Saved data entries:
◇ ◇ ◇ ◇ ◇
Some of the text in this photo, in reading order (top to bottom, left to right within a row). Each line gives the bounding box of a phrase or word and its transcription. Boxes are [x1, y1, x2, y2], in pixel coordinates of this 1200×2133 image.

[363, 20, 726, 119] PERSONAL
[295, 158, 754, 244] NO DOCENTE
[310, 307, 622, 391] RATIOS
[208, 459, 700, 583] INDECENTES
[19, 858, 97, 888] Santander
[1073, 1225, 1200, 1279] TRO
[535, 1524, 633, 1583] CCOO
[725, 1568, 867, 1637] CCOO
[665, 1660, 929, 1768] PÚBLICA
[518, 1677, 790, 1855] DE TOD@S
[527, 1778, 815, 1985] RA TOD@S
◇ ◇ ◇ ◇ ◇
# PROBLEM DETAILS
Set every line of the data down again, word for word.

# ANSWER TO THIS EXERCISE
Some of the text in this photo, in reading order (top to bottom, left to right within a row). Each line gives the bounding box of a phrase or word and its transcription. Boxes are [x1, y1, x2, y2], in pixel coordinates of this 1200×2133 image.

[363, 20, 726, 119] PERSONAL
[295, 158, 754, 244] NO DOCENTE
[310, 307, 622, 391] RATIOS
[208, 459, 700, 583] INDECENTES
[19, 858, 97, 888] Santander
[1073, 1225, 1200, 1279] TRO
[535, 1524, 633, 1583] CCOO
[725, 1568, 867, 1637] CCOO
[665, 1660, 929, 1768] PÚBLICA
[518, 1677, 790, 1855] DE TOD@S
[527, 1778, 815, 1985] RA TOD@S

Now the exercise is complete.